The second lever is pre-aggregating a daily user activity rollup, shaped as (user_id, active_date). The retention queries join cohort against this rollup instead of the raw event stream, which compresses storage by an order of magnitude and turns the EXISTS checks into single-key lookups. This is the standard pattern at Databricks and Snowflake shops shipping retention dashboards without melting the warehouse.
The third lever is materializing the cohort summary itself. If twenty stakeholders refresh the dashboard each morning, run the rollup once on a nightly schedule and store the result. Confirm with consumers that overnight cadence is acceptable — regressions caught at nine a.m. are cheaper than the ones found in the Friday review.
Related reading
- How to calculate Cohort Retention in SQL
- How to calculate Active Cohort in SQL
- How to calculate Churn in SQL
- How to calculate MAU in SQL
- How to calculate Active Days in SQL
- How to find the Aha Moment in SQL
- SQL window functions interview questions
If you want to drill retention SQL questions like this daily, NAILDD is launching with 500+ SQL problems on exactly this pattern.
FAQ
Is D7 retention of thirty percent good?
It depends entirely on category and acquisition mix. For consumer social and messaging apps, thirty percent at D7 is below normal — leaders sit at fifty percent and up. For B2B SaaS with a weekly cadence, thirty percent is solid. For a product used once a month by design, thirty percent at D7 is overperforming. Always frame the answer against your own historical cohorts; category baselines drift by an order of magnitude.
Which is more important — D1 or D7?
D1 measures onboarding mechanics and the first session. D7 measures whether the product earned a second visit when motivation is no longer fresh, which is the closest proxy for habit formation. If forced to pick one, prioritize D7 — a great D1 with a weak D7 means onboarding is sticky but the product does not pull users back, which is the harder problem to solve.
Should the cohort be a single day or a range?
Single-day cohorts are noisy on small products — one acquisition spike skews the entire curve. A weekly or monthly cohort window smooths the noise without hiding genuine signal. Single-day cohorts only stabilize at the scale of a Notion or a Duolingo, where ten thousand signups per day is the floor.

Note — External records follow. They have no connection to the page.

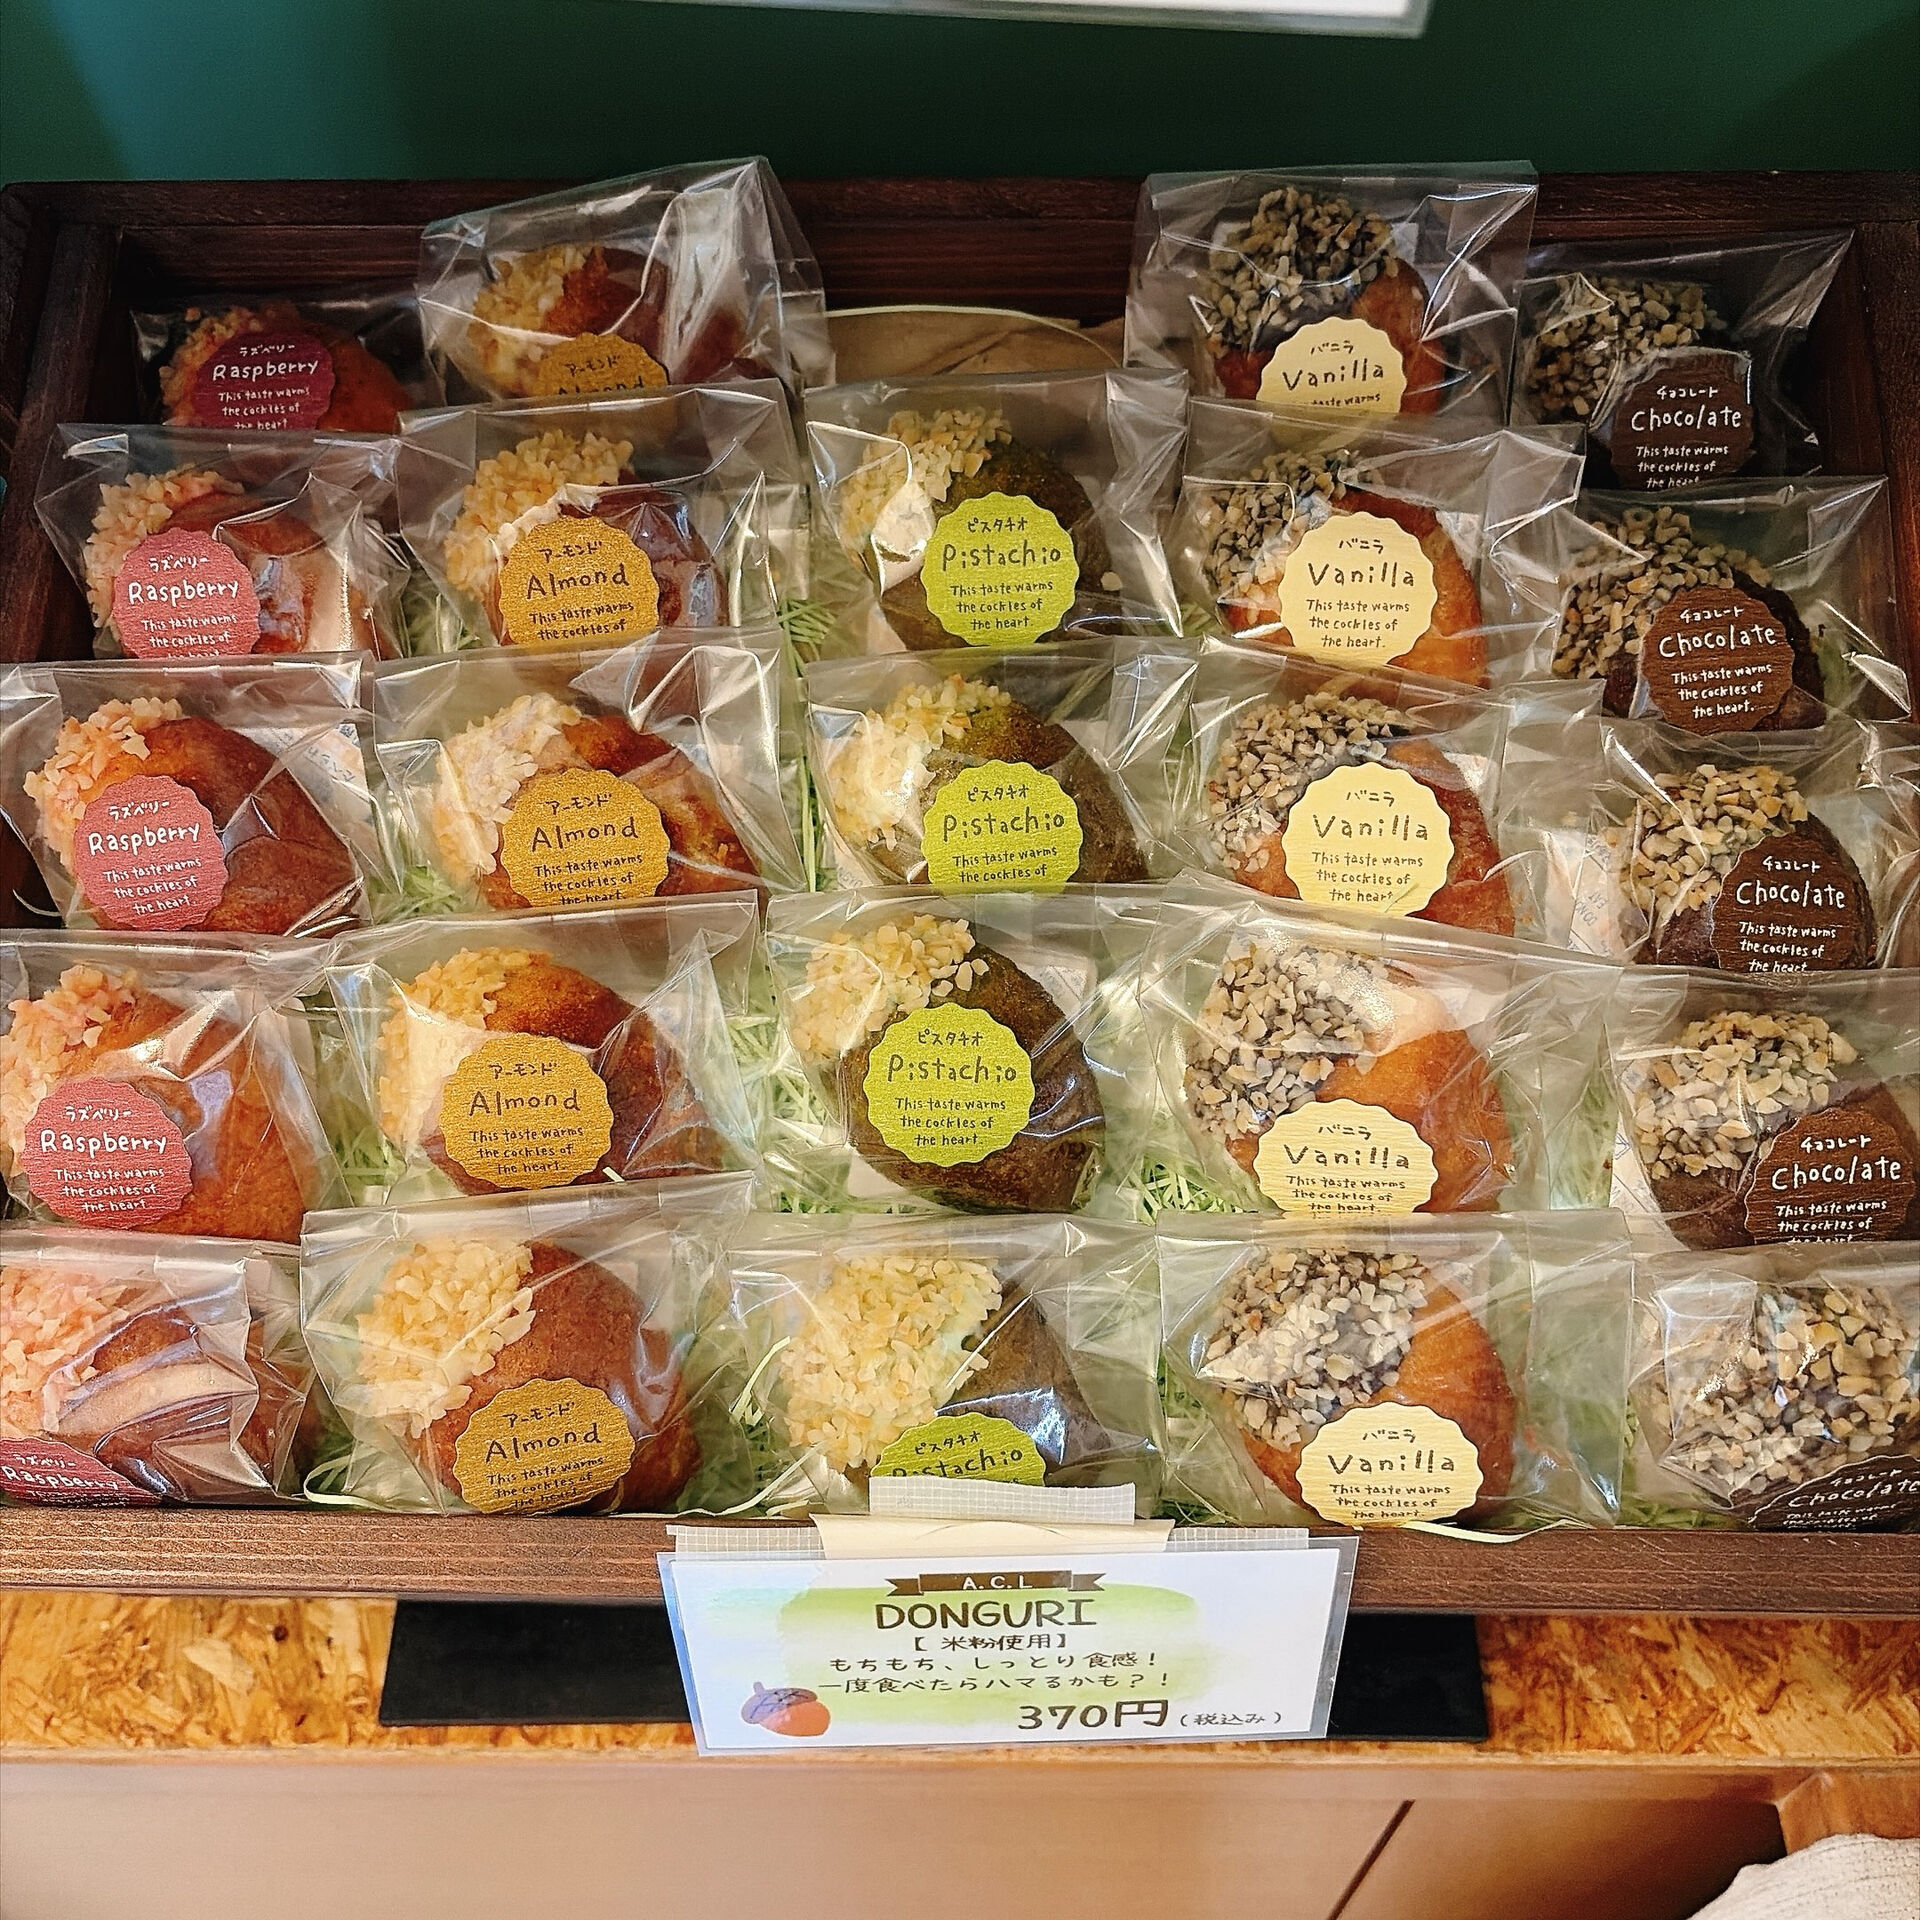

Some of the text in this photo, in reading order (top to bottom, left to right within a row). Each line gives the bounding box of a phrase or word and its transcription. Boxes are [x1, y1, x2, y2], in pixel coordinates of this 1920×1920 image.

[240, 344, 295, 357] ラズベリー
[1310, 340, 1354, 355] バニラ
[212, 360, 319, 382] Raspberry
[1282, 358, 1383, 390] Vanilla
[1344, 394, 1380, 405] warms
[1657, 386, 1718, 400] チョコレート
[1632, 405, 1742, 431] Chocolate
[968, 517, 1028, 532] ピスタチオ
[539, 541, 602, 563] アーモンド
[1339, 538, 1383, 554] バニラ
[149, 555, 210, 572] ラズベリー
[942, 539, 1061, 572] Pistachio
[527, 563, 629, 599] Almond
[1308, 562, 1414, 587] Vanilla
[128, 579, 239, 607] Raspberry
[950, 581, 1053, 597] This taste warms
[529, 602, 634, 625] This taste warms
[956, 598, 1043, 613] the cockles of
[1307, 599, 1410, 612] This taste warms
[1680, 606, 1745, 623] チョコレート
[970, 619, 991, 630] the
[1309, 617, 1398, 631] the cockles of
[1321, 635, 1341, 648] the
[1659, 624, 1776, 658] Chocolate
[1671, 664, 1772, 685] This taste warms
[1678, 681, 1763, 700] the cockles of
[1692, 706, 1712, 719] the
[968, 784, 1029, 802] ピスタチオ
[1346, 790, 1395, 807] バニラ
[109, 800, 170, 820] ラズベリー
[546, 793, 612, 815] アーモンド
[943, 806, 1065, 842] Pistachio
[1313, 814, 1428, 841] Vanilla
[88, 823, 199, 856] Raspberry
[531, 817, 638, 852] Almond
[534, 854, 643, 878] This taste warms
[952, 846, 1057, 868] This taste warms
[1312, 852, 1423, 867] This taste warms
[1762, 856, 1820, 873] チョコレート
[103, 858, 201, 883] This taste warms
[959, 864, 1048, 883] the cockles of
[1316, 869, 1411, 885] the cockles of
[113, 875, 198, 899] the cockles of
[542, 872, 633, 892] the cockles of
[1329, 889, 1351, 901] the
[1736, 880, 1845, 908] Chocolate
[133, 904, 154, 915] the
[1739, 921, 1836, 938] This taste warms
[1740, 939, 1825, 957] the cockles of
[1749, 960, 1768, 972] the
[918, 1028, 983, 1046] ピスタチオ
[489, 1062, 558, 1079] アーモンド
[888, 1054, 1017, 1083] Pistachio
[468, 1089, 581, 1116] Almond
[895, 1098, 1006, 1110] This taste warms
[63, 1105, 132, 1122] ラズベリー
[900, 1116, 994, 1128] the cockles of
[469, 1128, 583, 1142] This taste warms
[914, 1135, 936, 1146] the
[1318, 1125, 1372, 1140] バニラ
[40, 1130, 167, 1158] Raspberry
[478, 1144, 574, 1159] the cockles of
[1800, 1135, 1872, 1153] チョコレート
[1283, 1144, 1409, 1169] Vanilla
[53, 1168, 164, 1182] This taste warms
[497, 1163, 517, 1174] the
[1772, 1156, 1901, 1190] Chocolate
[62, 1184, 157, 1197] the cockles of
[82, 1202, 105, 1212] the
[1776, 1200, 1887, 1217] This taste warms
[1778, 1217, 1872, 1232] the cockles of
[502, 1402, 575, 1428] アーモンド
[485, 1422, 601, 1463] Almond
[915, 1431, 980, 1455] ピスタチオ
[1362, 1429, 1416, 1443] バニラ
[892, 1449, 1023, 1477] Pstachio
[1328, 1450, 1454, 1474] Vanilla
[0, 1465, 119, 1490] Raspberry
[961, 1574, 1034, 1591] A.C.L
[875, 1599, 1097, 1630] DONGURI
[1018, 1700, 1168, 1730] 370円

How do I handle users who return on D1 but never again?
Include them in D1 and exclude them from D7 and D30 — the query does this automatically because each retention column is independently computed against the offset. The interesting follow-up is the conversion from D1-retained to D7-retained, which isolates the second-session funnel. If forty percent of D1-retained users do not make it to D7, the problem lives between session one and session seven, not in the first session itself.

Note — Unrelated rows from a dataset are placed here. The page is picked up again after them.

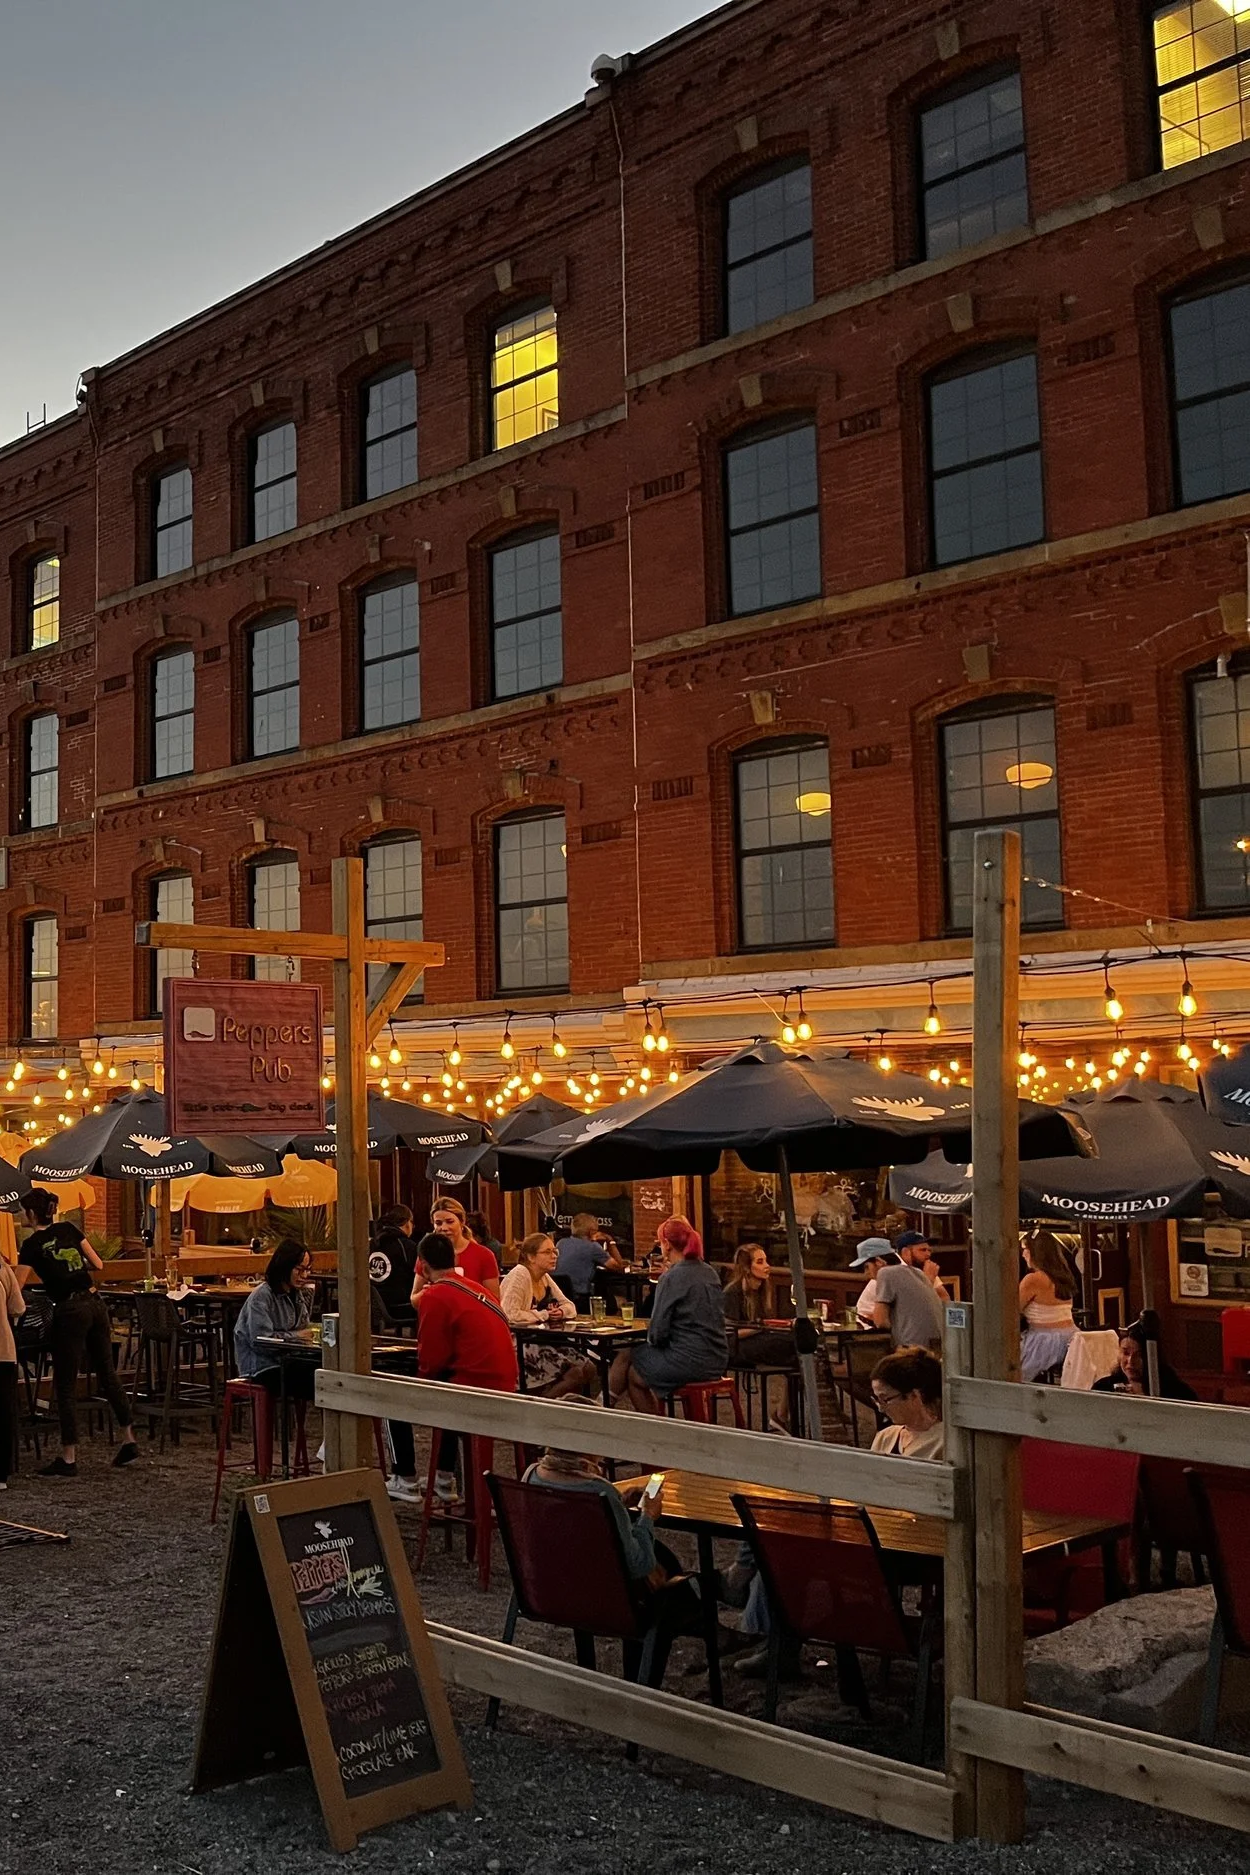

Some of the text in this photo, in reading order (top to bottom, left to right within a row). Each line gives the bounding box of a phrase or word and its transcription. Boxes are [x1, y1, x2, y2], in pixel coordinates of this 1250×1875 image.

[222, 1016, 312, 1051] Peppers
[250, 1056, 292, 1083] Pub
[417, 1132, 469, 1145] MOOSEHEAD
[121, 1161, 194, 1176] MOOSEHEAD
[1041, 1193, 1171, 1213] MOOSEHEAD
[304, 1536, 355, 1554] MOOSEHEAD
[341, 1741, 419, 1781] CHOCOLATE BAR

What is the difference between retention and engagement?
Retention is binary at the offset: was the user active on day N, yes or no. Engagement is intensity inside the active period — how many sessions, how many minutes, how many events. A user can be retained for thirty consecutive days but engagement-thin, one push-driven session per day with no real activity, and the retention number alone will not flag it. Pair retention with sessions per active day or active minutes per day when the goal is product depth, not just survival.